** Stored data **
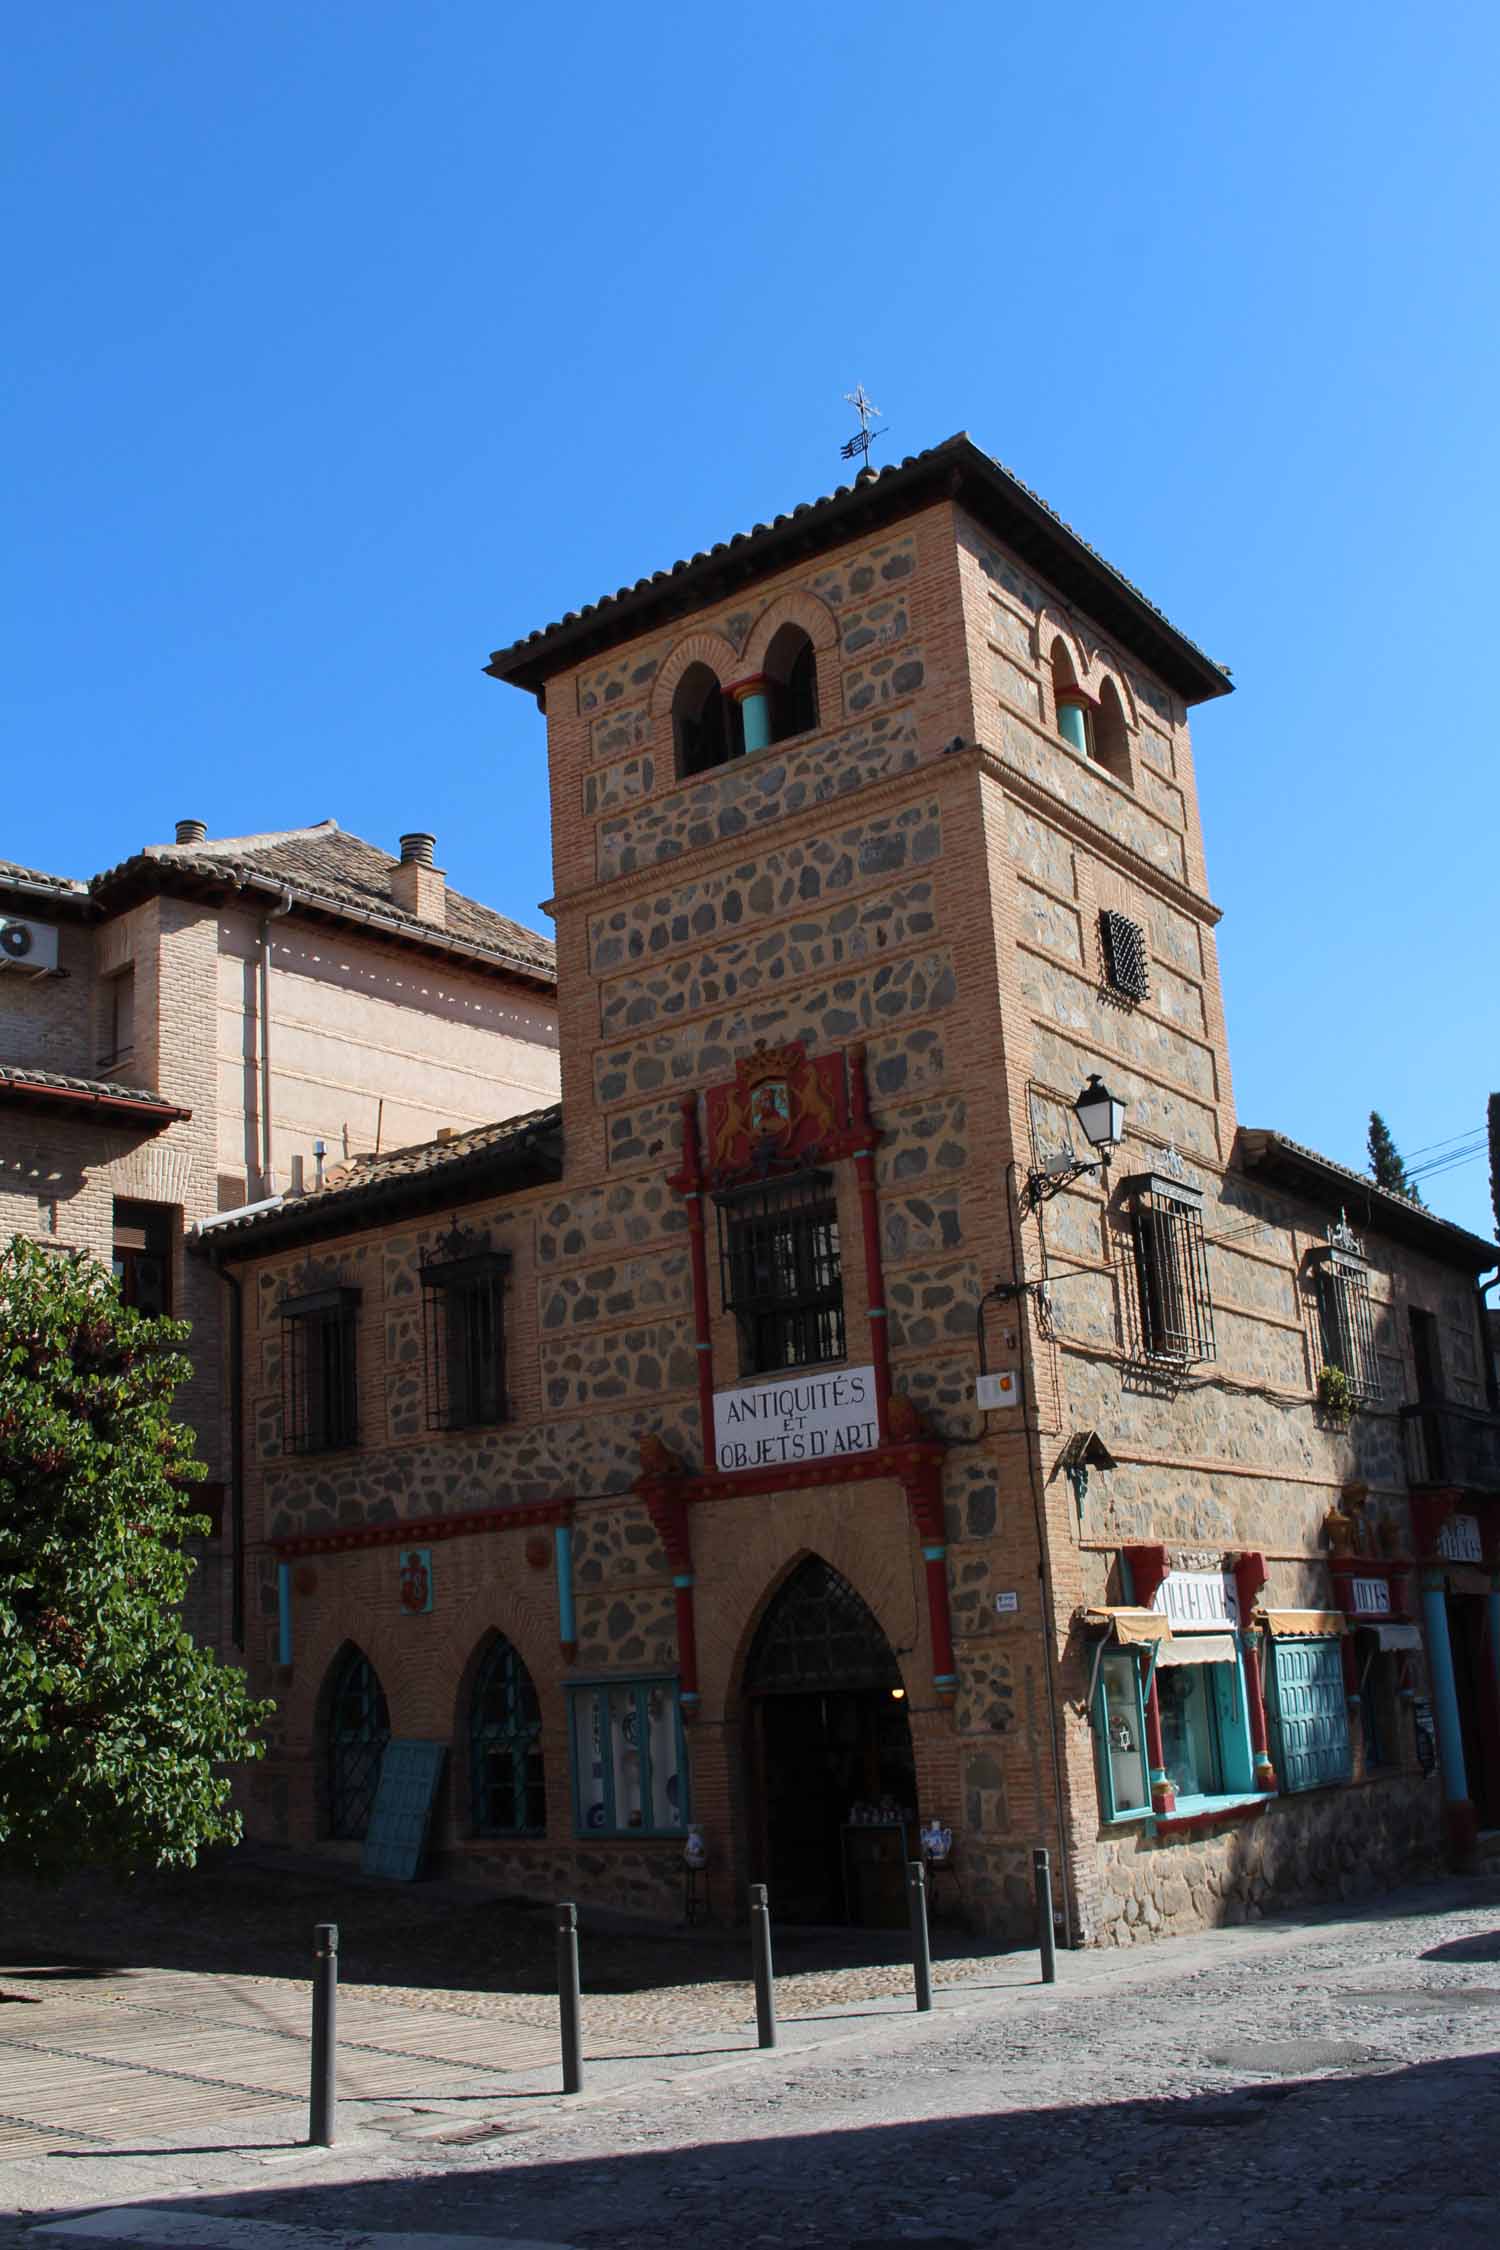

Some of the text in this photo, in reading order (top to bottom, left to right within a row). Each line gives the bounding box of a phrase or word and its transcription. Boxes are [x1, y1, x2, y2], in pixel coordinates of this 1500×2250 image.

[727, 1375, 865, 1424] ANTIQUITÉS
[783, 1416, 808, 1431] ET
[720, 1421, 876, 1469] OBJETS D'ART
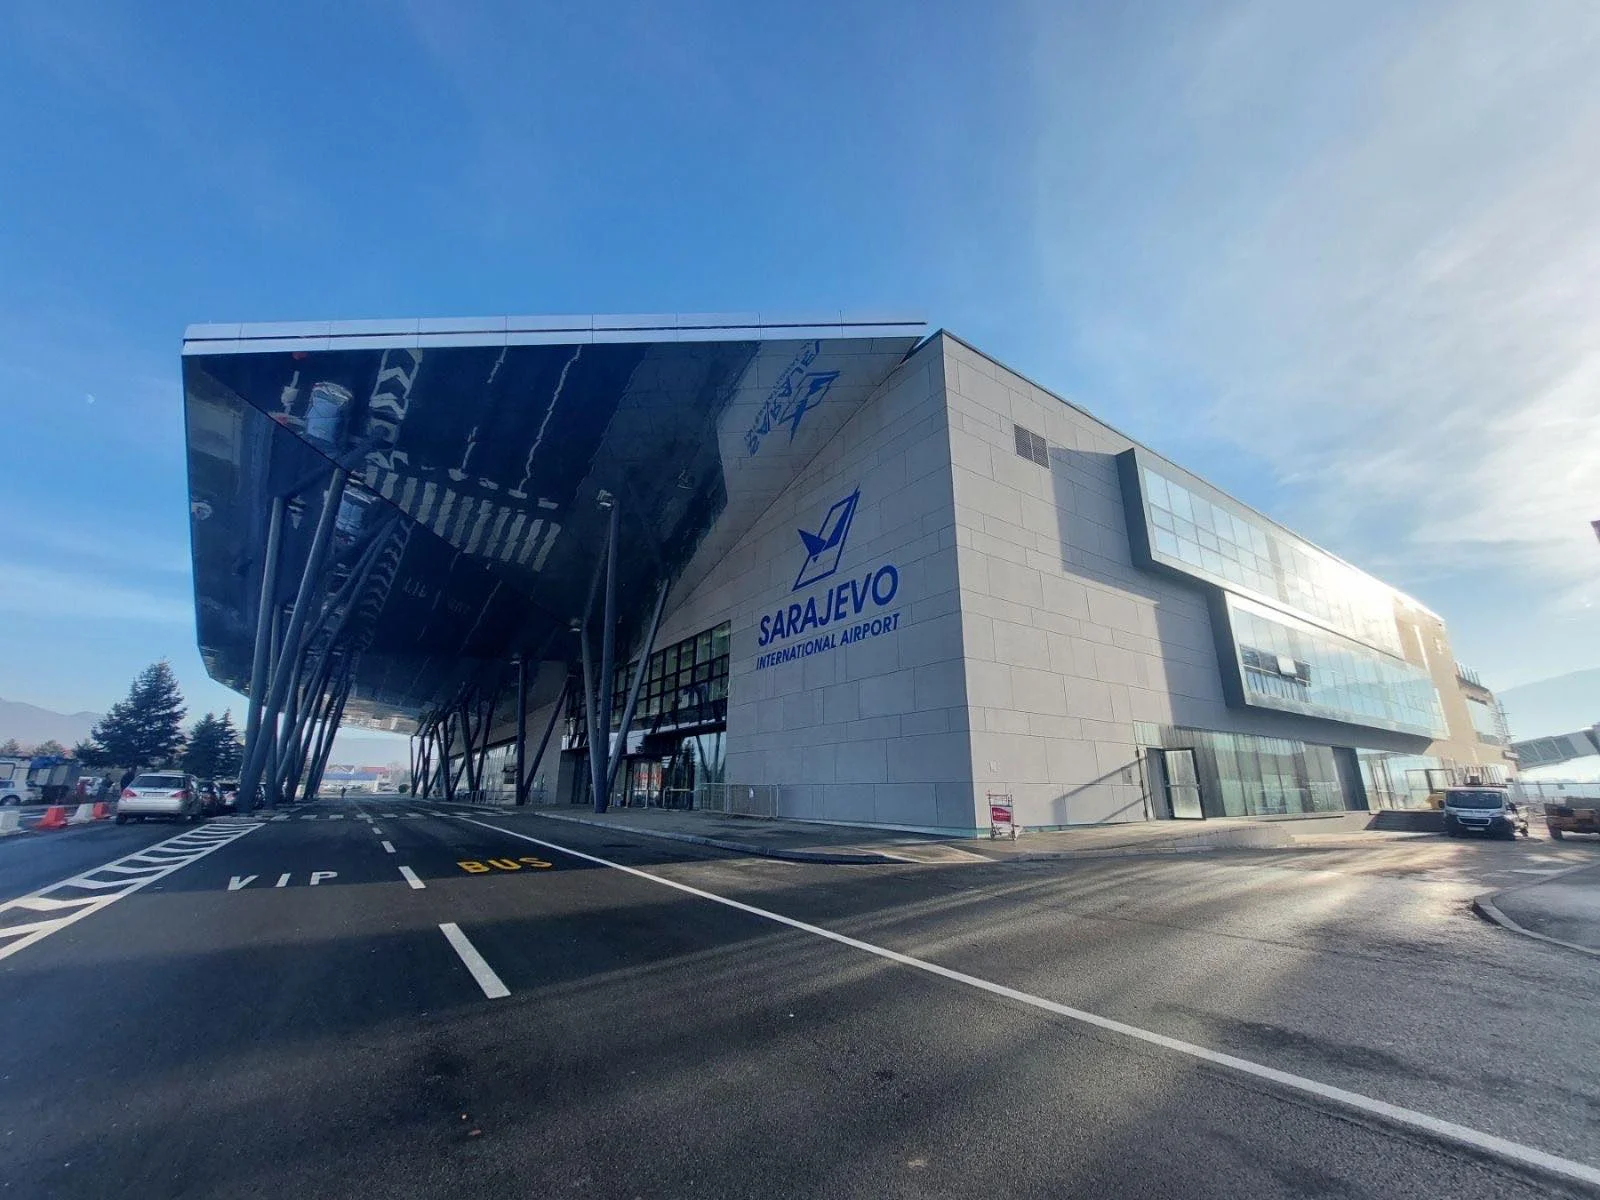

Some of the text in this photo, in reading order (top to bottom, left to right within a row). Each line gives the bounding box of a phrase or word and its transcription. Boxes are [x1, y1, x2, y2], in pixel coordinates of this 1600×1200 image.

** Brief **
Leaving out the images, return the entries above exactly as they read.

** Exercise output **
Some of the text in this photo, in reading order (top to bottom, left to right within a row). Each line gives the bounding box of a phrase or word and its transcription. Boxes are [x1, y1, x2, y2], in pixel coordinates of this 1500×2250 image.

[727, 1375, 865, 1424] ANTIQUITÉS
[783, 1416, 808, 1431] ET
[720, 1421, 876, 1469] OBJETS D'ART

Some of the text in this photo, in reading order (top to bottom, left to right within a row). Each line gives the bounding box of a phrase or word and its transcription. Boxes are [x1, y1, x2, y2], in pixel coordinates of this 1600×1200 image.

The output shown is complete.